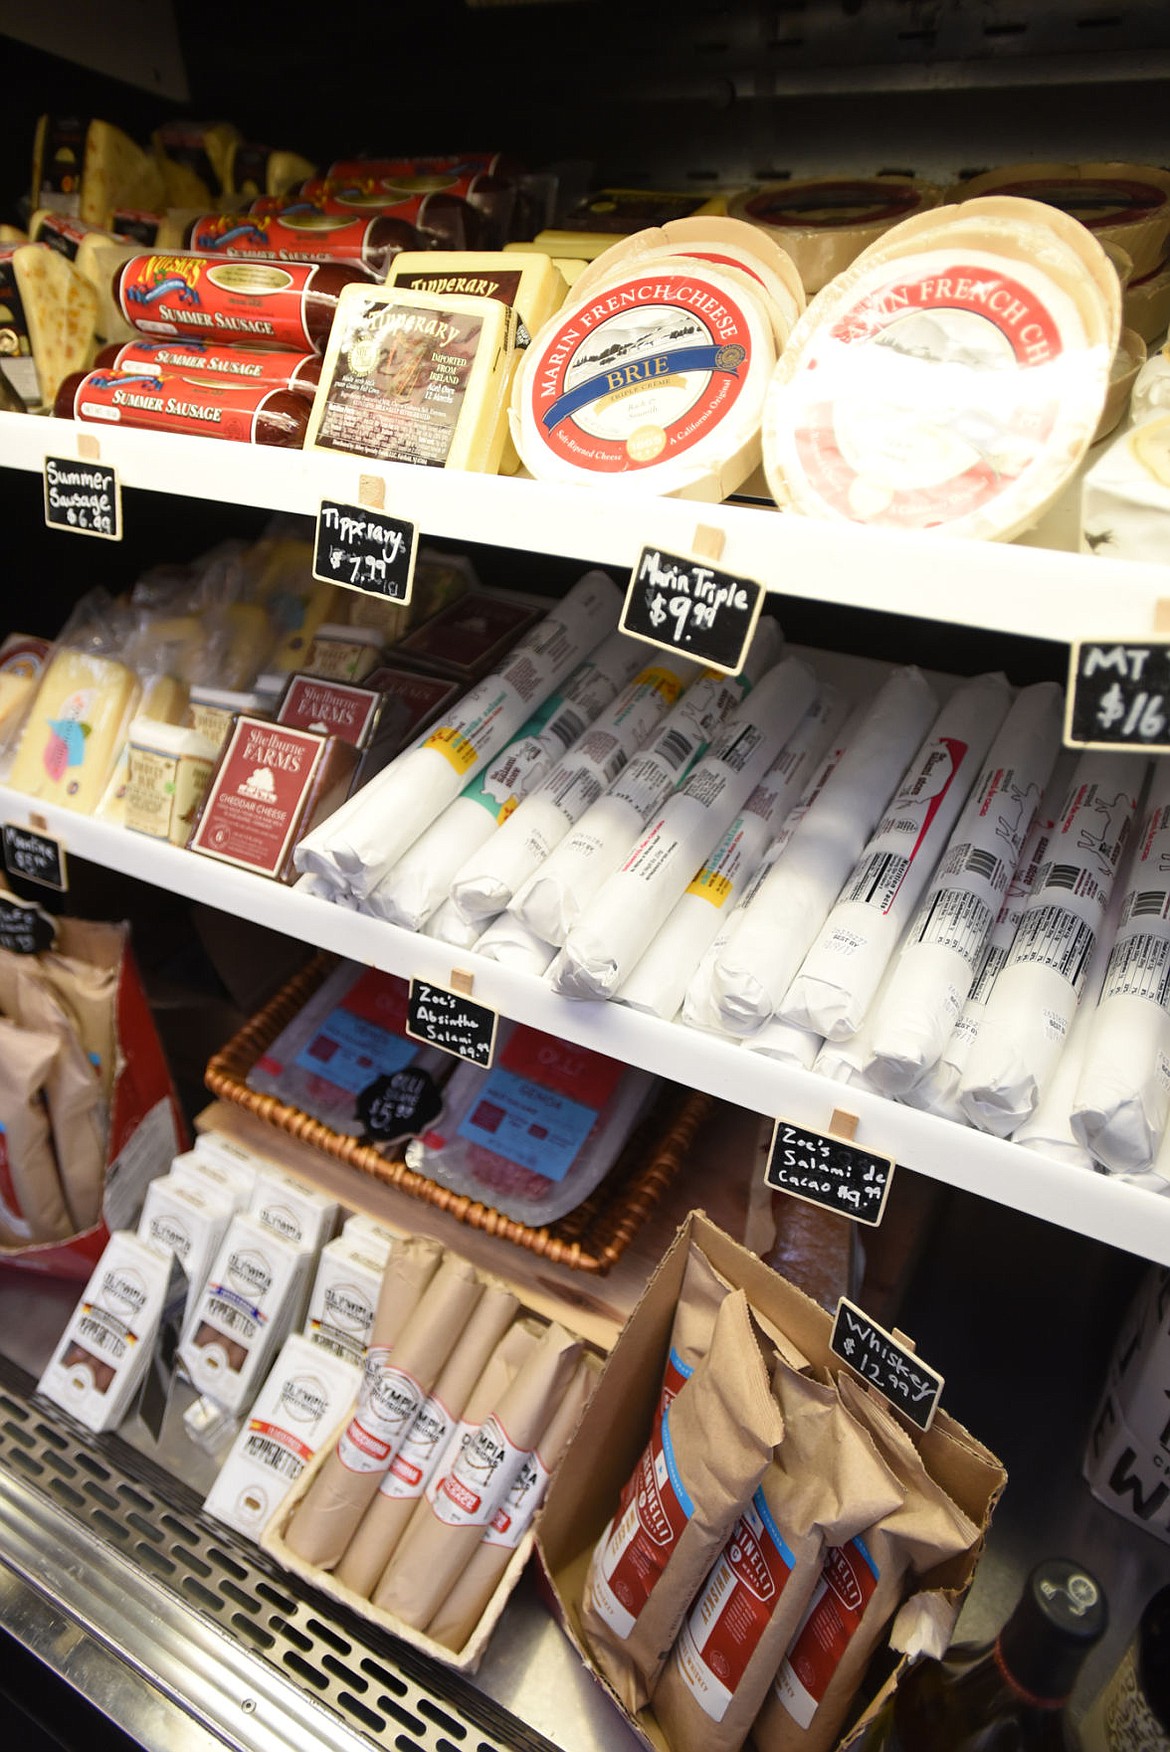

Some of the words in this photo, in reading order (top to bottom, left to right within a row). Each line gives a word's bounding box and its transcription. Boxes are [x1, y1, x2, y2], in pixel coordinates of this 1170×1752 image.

[919, 278, 1028, 325] FRENCH
[159, 305, 212, 327] SUMMER
[214, 312, 274, 335] SAUSAGE
[541, 328, 580, 398] MARIN
[580, 284, 671, 327] FRENCH
[675, 286, 739, 341] CHEESE
[155, 350, 205, 370] SUMMER
[207, 357, 263, 377] SAUSAGE
[431, 352, 467, 367] IMPORTED
[605, 355, 670, 391] BRIE
[112, 389, 164, 413] SUMMER
[165, 398, 222, 422] SAUSAGE
[677, 409, 713, 440] California
[708, 378, 732, 410] Original
[556, 428, 595, 460] Soft-Ripened
[595, 448, 623, 462] Cheese
[47, 462, 112, 491] Summer
[49, 491, 111, 516] Sausage
[691, 567, 748, 611] Triple
[1083, 646, 1150, 681] MT
[248, 729, 306, 756] Shelburne
[242, 744, 302, 773] FARMS
[219, 793, 256, 814] CHEDDAR
[255, 803, 288, 821] CHEESE
[890, 858, 909, 889] Nutrition
[879, 889, 893, 909] Facts
[419, 986, 456, 1008] Zoe's
[416, 1006, 479, 1028] Absinthe
[426, 1025, 472, 1044] Salami
[782, 1128, 830, 1157] Zoe's
[778, 1170, 831, 1192] Cacao
[783, 1150, 853, 1178] Salami
[863, 1165, 886, 1184] de
[845, 1311, 937, 1402] Whiskey
[702, 1565, 729, 1625] WHISKEY
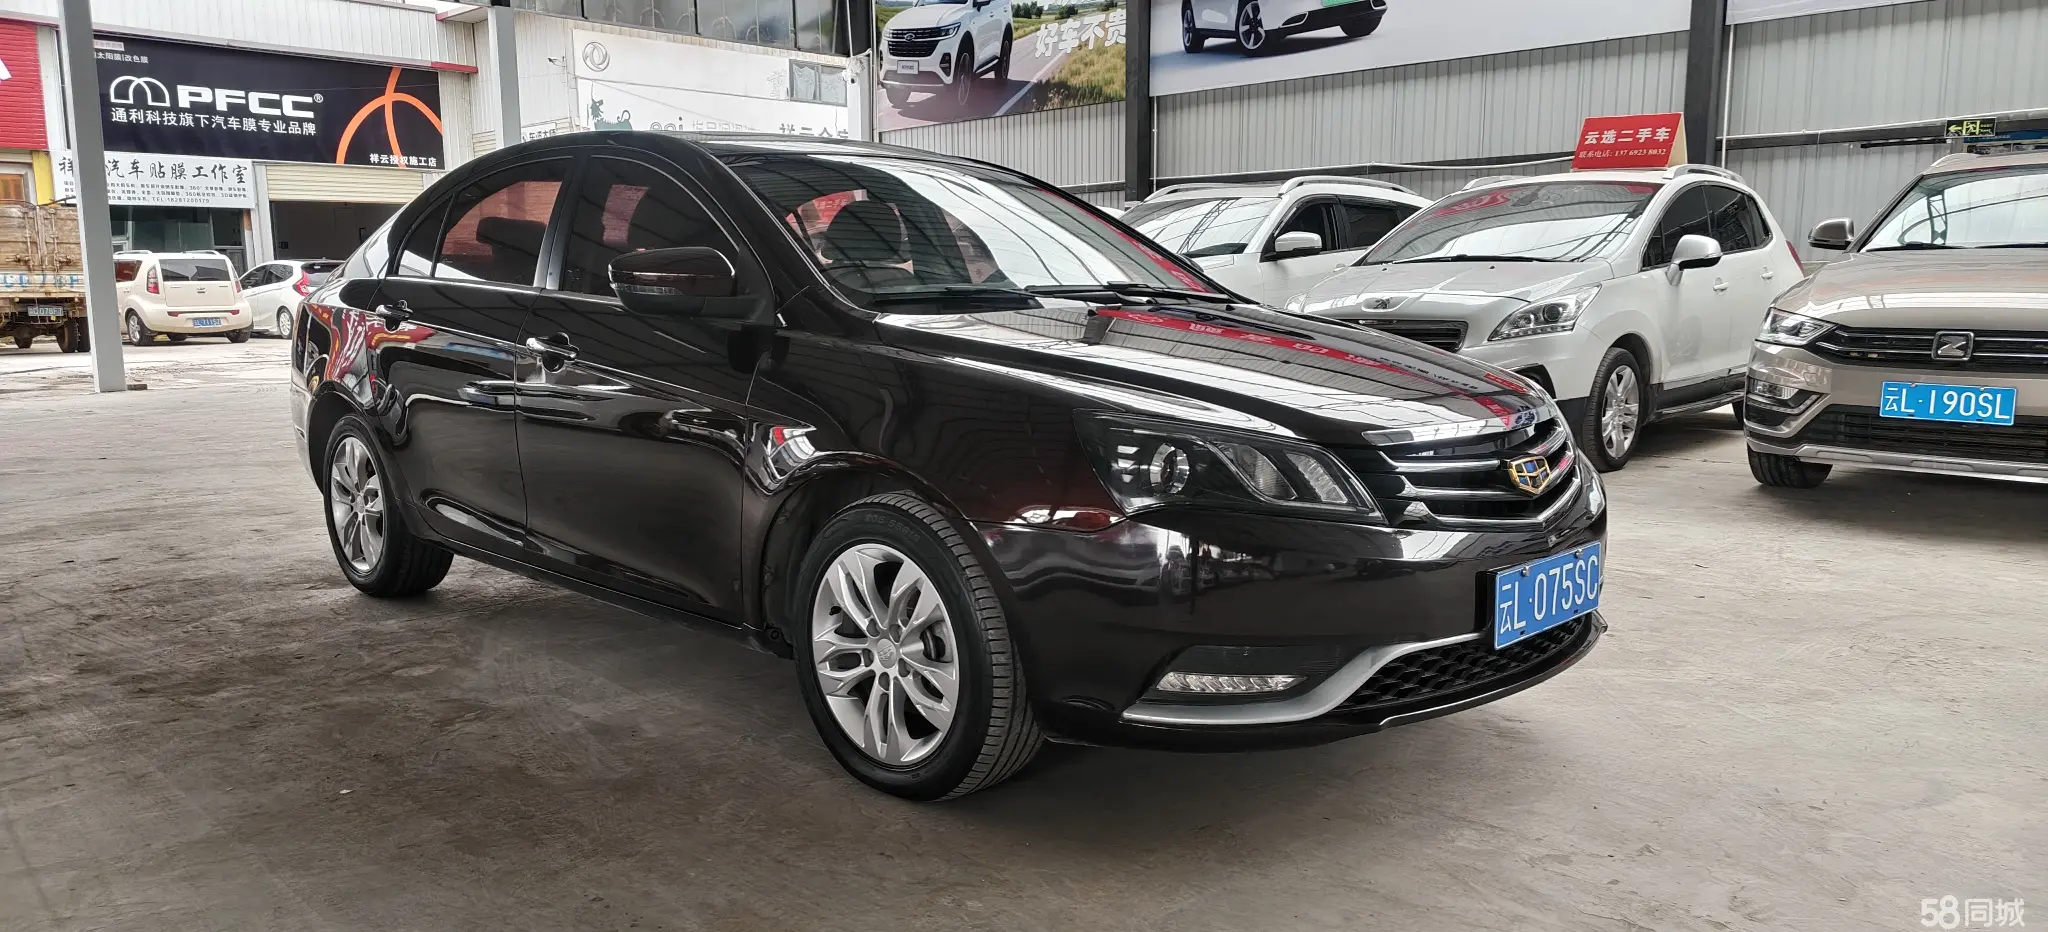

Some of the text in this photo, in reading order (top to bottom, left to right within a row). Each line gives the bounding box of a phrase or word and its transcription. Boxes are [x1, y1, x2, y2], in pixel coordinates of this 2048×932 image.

Task description>
Every entry above should be duplicated exactly. Do not include the images.

Expected answer>
Some of the words in this photo, in reading order (top to bottom, left to right within a row). Each line gives a word's bounding box and its transcription. Boxes are [x1, y1, x2, y2], in pixel coordinates of this 1170×1752 image.

[919, 278, 1028, 325] FRENCH
[159, 305, 212, 327] SUMMER
[214, 312, 274, 335] SAUSAGE
[541, 328, 580, 398] MARIN
[580, 284, 671, 327] FRENCH
[675, 286, 739, 341] CHEESE
[155, 350, 205, 370] SUMMER
[207, 357, 263, 377] SAUSAGE
[431, 352, 467, 367] IMPORTED
[605, 355, 670, 391] BRIE
[112, 389, 164, 413] SUMMER
[165, 398, 222, 422] SAUSAGE
[677, 409, 713, 440] California
[708, 378, 732, 410] Original
[556, 428, 595, 460] Soft-Ripened
[595, 448, 623, 462] Cheese
[47, 462, 112, 491] Summer
[49, 491, 111, 516] Sausage
[691, 567, 748, 611] Triple
[1083, 646, 1150, 681] MT
[248, 729, 306, 756] Shelburne
[242, 744, 302, 773] FARMS
[219, 793, 256, 814] CHEDDAR
[255, 803, 288, 821] CHEESE
[890, 858, 909, 889] Nutrition
[879, 889, 893, 909] Facts
[419, 986, 456, 1008] Zoe's
[416, 1006, 479, 1028] Absinthe
[426, 1025, 472, 1044] Salami
[782, 1128, 830, 1157] Zoe's
[778, 1170, 831, 1192] Cacao
[783, 1150, 853, 1178] Salami
[863, 1165, 886, 1184] de
[845, 1311, 937, 1402] Whiskey
[702, 1565, 729, 1625] WHISKEY

Some of the text in this photo, in reading order (top to bottom, left to right within a row). Each line gives the bounding box of a phrase or word and its transcription. Boxes are [x1, y1, x2, y2], in pixel coordinates of this 2048×932 image.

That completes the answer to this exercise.